後悔しないために確認しておきたいクラウンの不満点5つ+α
最終更新日 2021/10/21
日本の高級車、というより乗用車の草分け的存在と言えるトヨタクラウン。既に初代登場から66年、「いつかはクラウン」がキャッチコピーとなったテレビCMさえもう40年近く前の話ですが、未だにクラウンはトヨタ乗用車ヒエラルキーのトップに立ちます。
価値観の多様化した現代ではグループ内に別ラインのレクサスモデルあり、ミニバンのアルファードありとトップの定義も様変わりしていますが、クラウンほどの歴史を紡いだモデルは他にありません。
令和の現在においてもクラウンは健在で、現行型は2018年デビューの15代目モデルになります。
引用:https://www.webcartop.jp/
本稿では現行クラウンを実際に所有した方や、体感した方の様々な口コミ情報を徹底チェック。
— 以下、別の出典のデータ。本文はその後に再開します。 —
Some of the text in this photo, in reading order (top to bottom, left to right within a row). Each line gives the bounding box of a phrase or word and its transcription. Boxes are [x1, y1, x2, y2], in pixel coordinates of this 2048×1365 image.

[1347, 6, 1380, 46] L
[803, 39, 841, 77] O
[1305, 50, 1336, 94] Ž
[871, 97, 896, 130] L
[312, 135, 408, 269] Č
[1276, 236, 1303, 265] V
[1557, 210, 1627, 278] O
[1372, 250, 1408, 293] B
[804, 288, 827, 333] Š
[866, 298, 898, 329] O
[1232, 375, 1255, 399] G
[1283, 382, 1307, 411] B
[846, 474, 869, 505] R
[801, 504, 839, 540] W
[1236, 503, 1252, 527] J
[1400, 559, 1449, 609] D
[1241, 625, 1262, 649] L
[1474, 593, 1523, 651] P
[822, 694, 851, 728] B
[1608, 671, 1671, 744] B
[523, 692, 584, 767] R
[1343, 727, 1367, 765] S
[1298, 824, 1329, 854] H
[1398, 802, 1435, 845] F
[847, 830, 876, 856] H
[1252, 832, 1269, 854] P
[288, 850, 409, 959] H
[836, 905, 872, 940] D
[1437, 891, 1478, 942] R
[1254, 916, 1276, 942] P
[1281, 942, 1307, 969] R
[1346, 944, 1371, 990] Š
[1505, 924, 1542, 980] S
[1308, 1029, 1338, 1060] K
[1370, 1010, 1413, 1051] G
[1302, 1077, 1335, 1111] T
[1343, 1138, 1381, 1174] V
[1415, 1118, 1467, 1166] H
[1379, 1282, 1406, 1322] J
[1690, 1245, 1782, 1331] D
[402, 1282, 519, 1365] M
日本車の歴史を体現してきたクラウンに見え隠れするマイナスポイントを洗い出し検証していきますので、ぜひ新車購入時等の参考にしてください!
目次(タップで飛べます)
最新クラウンのプロフィール
現行クラウンは冒頭のとおり、国産車としては他に類を見ない15代目を数えるモデルが販売中です。
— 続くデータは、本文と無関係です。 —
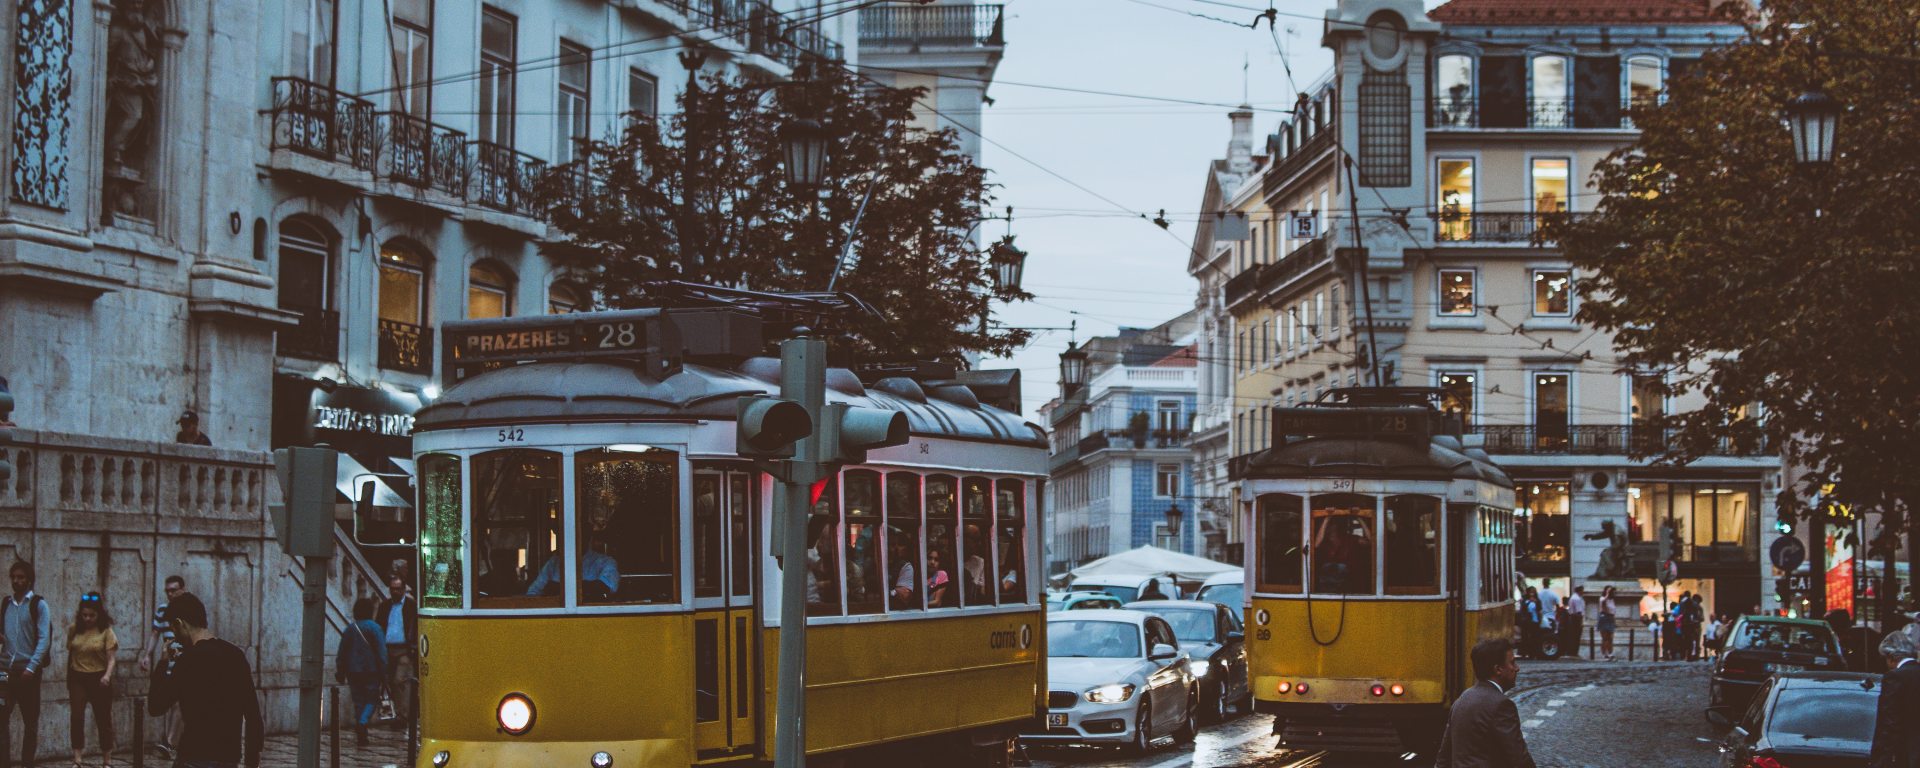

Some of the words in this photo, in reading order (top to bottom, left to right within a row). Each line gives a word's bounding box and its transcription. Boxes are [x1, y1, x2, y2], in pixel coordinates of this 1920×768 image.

[1297, 218, 1311, 230] 15
[467, 330, 569, 350] PRAZERES
[599, 323, 635, 348] 28
[1381, 415, 1407, 431] 28
[498, 429, 524, 442] 542
[1333, 480, 1350, 490] 549
[991, 624, 1016, 649] carris
長いクラウンの歴史の中では9代目の全車3ナンバー化、10代目の全車フルモノコック化、11代目のピラードハードトップ廃止など様々変化がありました。中でも12代目の通称ゼロ・クラウンと呼ばれるモデルは最もエポックメイキングな存在で、プラットフォーム、エンジン、サスペンションといった主要コンポーネントすべてを一気に刷新してきました。
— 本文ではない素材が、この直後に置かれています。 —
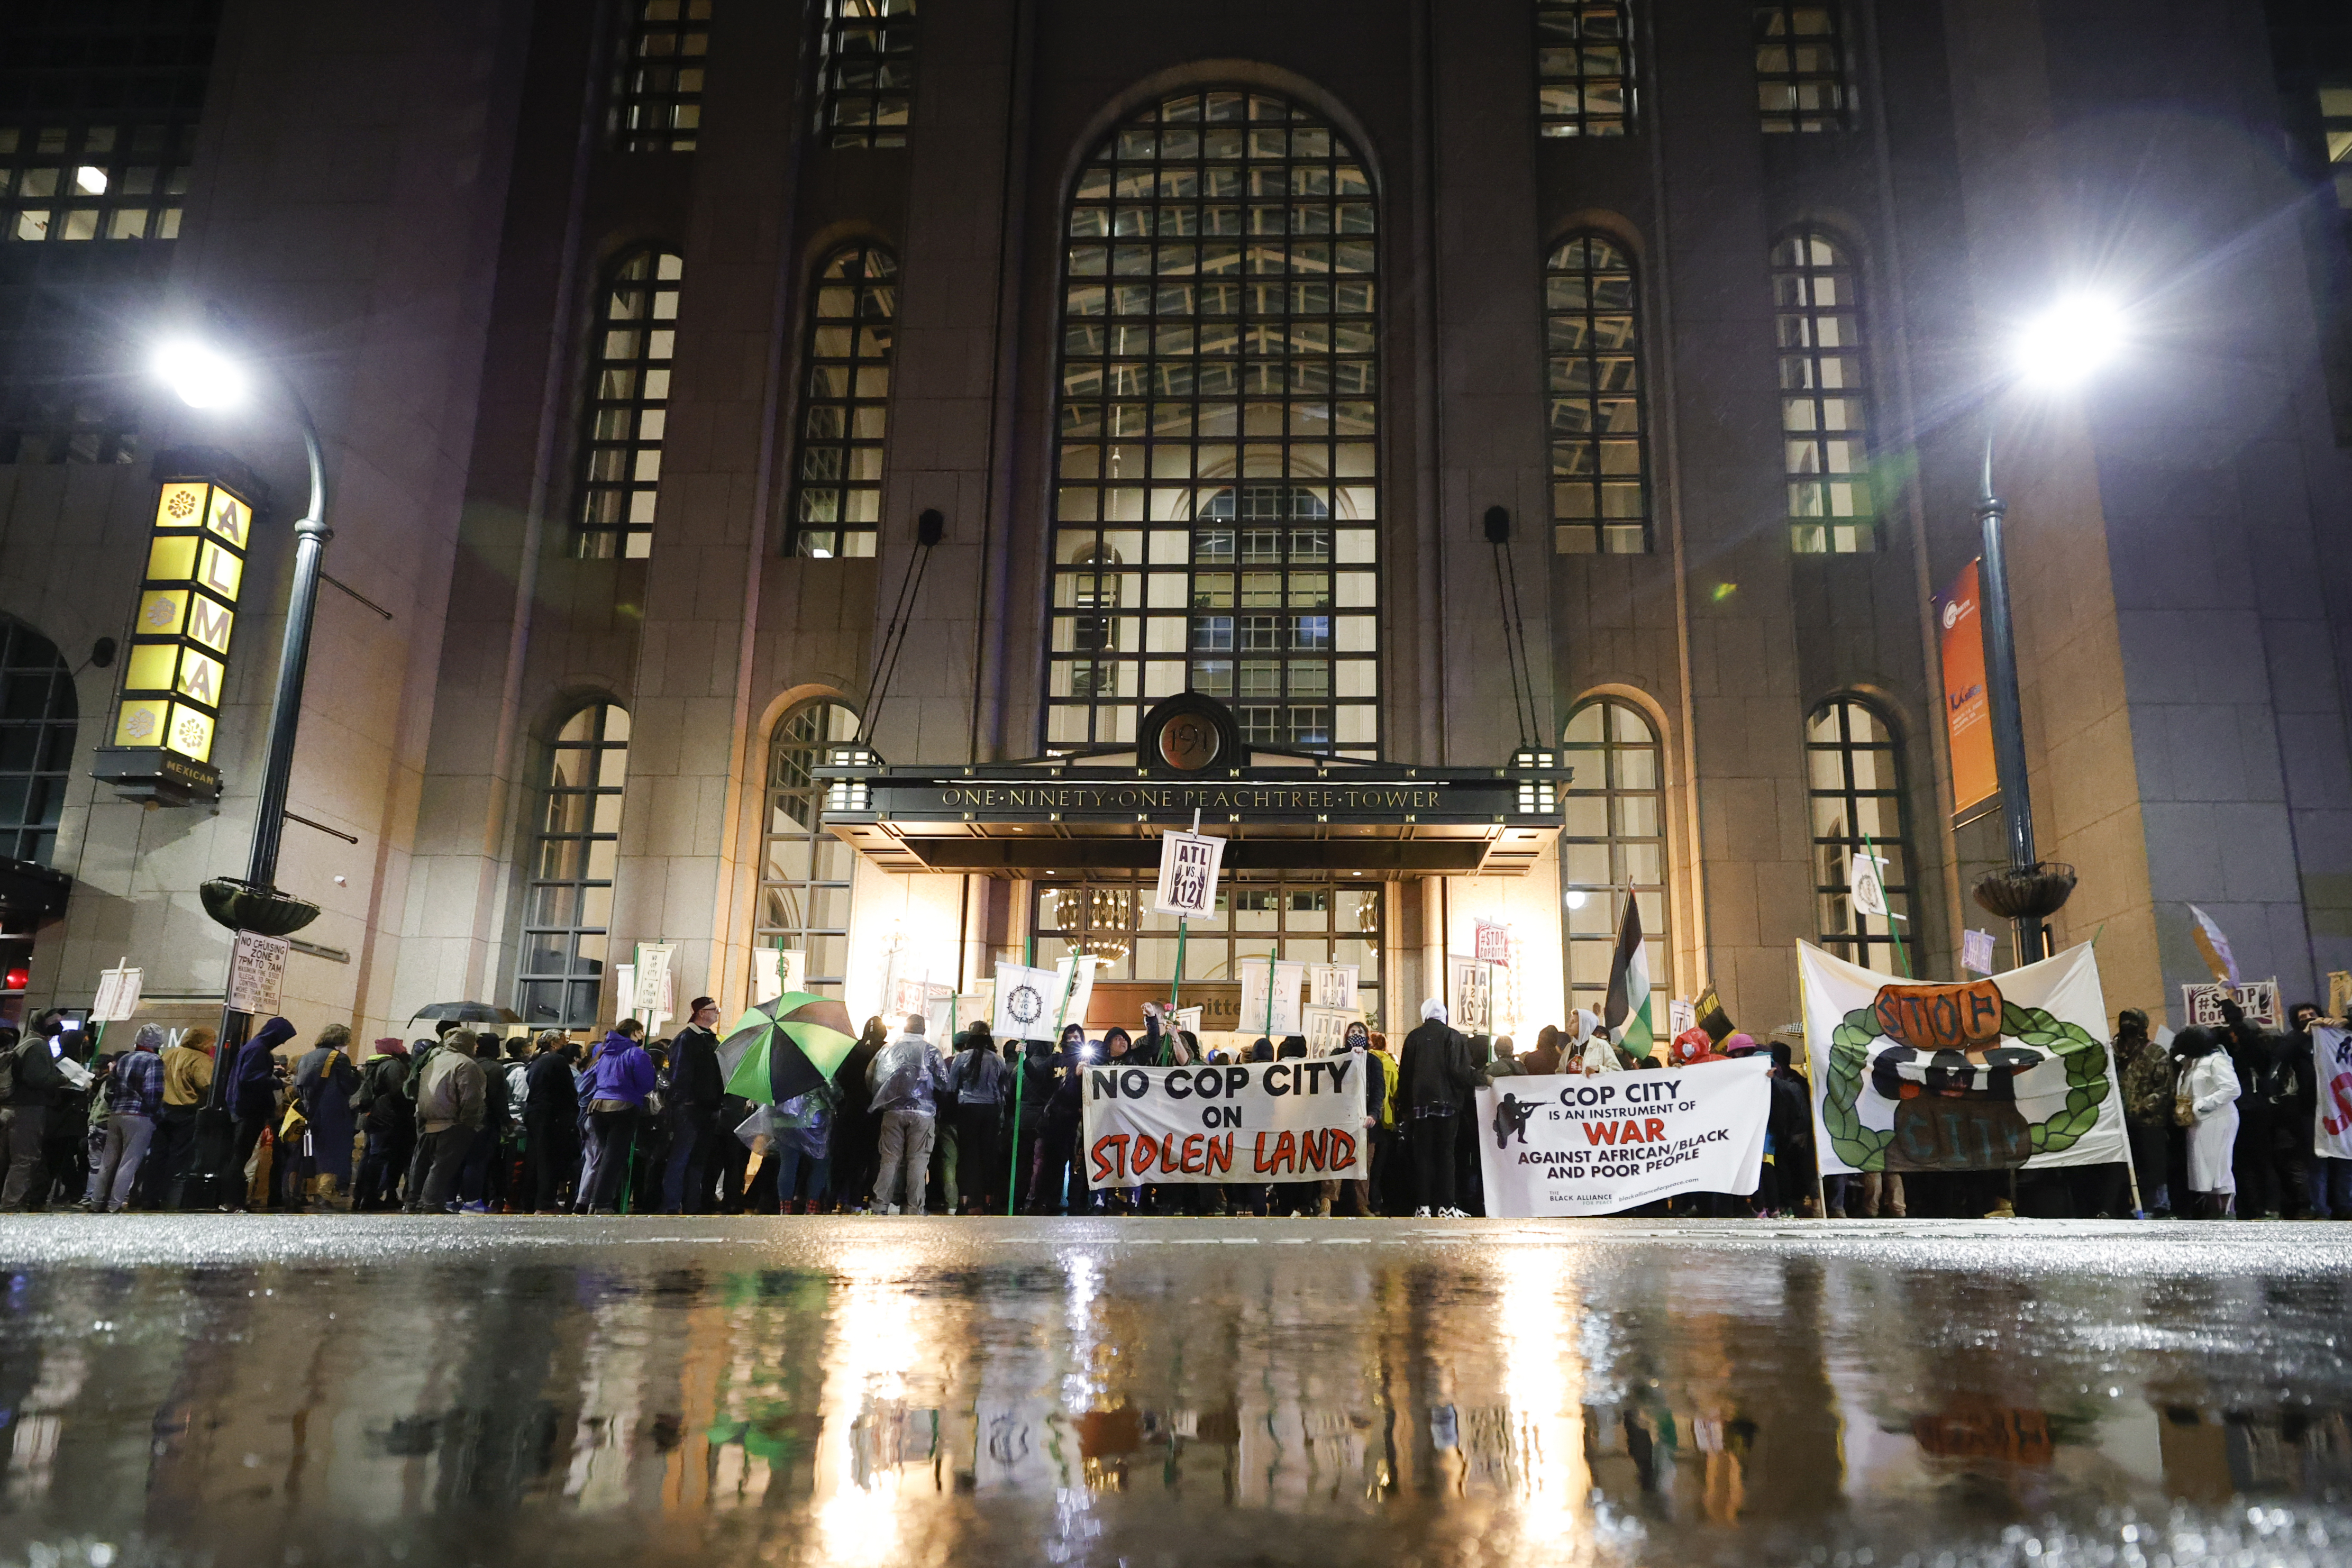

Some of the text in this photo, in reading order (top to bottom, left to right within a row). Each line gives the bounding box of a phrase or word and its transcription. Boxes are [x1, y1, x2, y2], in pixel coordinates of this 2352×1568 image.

[186, 500, 240, 703] ALMA
[1168, 724, 1207, 755] 191
[166, 760, 214, 786] MEXICAN
[1179, 845, 1206, 865] ATL
[1181, 880, 1197, 903] 12
[241, 936, 285, 954] NO CRUISING
[1481, 931, 1504, 946] #STOP
[238, 955, 282, 973] 7PM TO 7AM
[250, 949, 273, 961] ZONE
[239, 972, 256, 982] ILLEGAL
[239, 980, 258, 989] CONTROL
[2198, 989, 2256, 1010] #SOP
[1878, 991, 1995, 1040] STOP
[1092, 1060, 1352, 1100] NO COP CITY
[1560, 1080, 1681, 1107] COP CITY
[1202, 1106, 1242, 1128] ON
[1549, 1101, 1696, 1120] IS AN INSTRUMENT OF
[1582, 1118, 1667, 1145] WAR
[1904, 1113, 2020, 1163] CITY
[1091, 1128, 1356, 1182] STOLEN LAND
[1518, 1128, 1730, 1164] AGAINST AFRICAN/BLACK
[1547, 1148, 1700, 1179] AND POOR PEOPLE
[1618, 1178, 1699, 1202] blackallianceforpeace.com
その後ゼロ・クラウンベースの車体は14代目までキャリーオーバーされましたが、2018年登場の15代目クラウンはトヨタの最新アーキテクチャー「TNGA」に基づくGA-Lプラットフォームを採用し、再び大きなアップグレードを果たしたのです。
先代から売れセンは”アスリート”と呼ばれるスポーティなグレードの比率が高まっていましたが、新型はそこを受けてかクラウン初の6ライトでクーペライクなフォルムをまとい、姿形だけでなく実際にニュルブルクリンクで走行性能を鍛え上げたのも話題に。従来のクラウンの枠では考えられない「走る・曲がる・止まる」といった車両性能を大きく進化させました。
引用:https://www.webcg.net/
もちろんそれ以外にもトヨタブランド初のマルチステージハイブリッドシステム(3.5V6モデル)や先進安全装備は最新の”Toyota Safety Sense”を備えた他、車載通信機DCMを全車に標準搭載し、初代コネクティッドカーとしてトヨタラインナップの先陣を切っています。
クラウンの不満点を確認
セダン不振が叫ばれる中、トヨタ販売網の強さはさて置いても堅調な実績を刻んでいるクラウン。これまでは高い信頼性や耐久性などを背景として、公用車やタクシー、パトカーなどのニーズも多かったものの、現行モデルはトヨタの思惑どおりかオーナードライバーが多数を占めています。その分、口コミのボリュームも他のセダンに比べても多めで、それらをチェックしていくといくつか各オーナーさん共通の傾向も見られます。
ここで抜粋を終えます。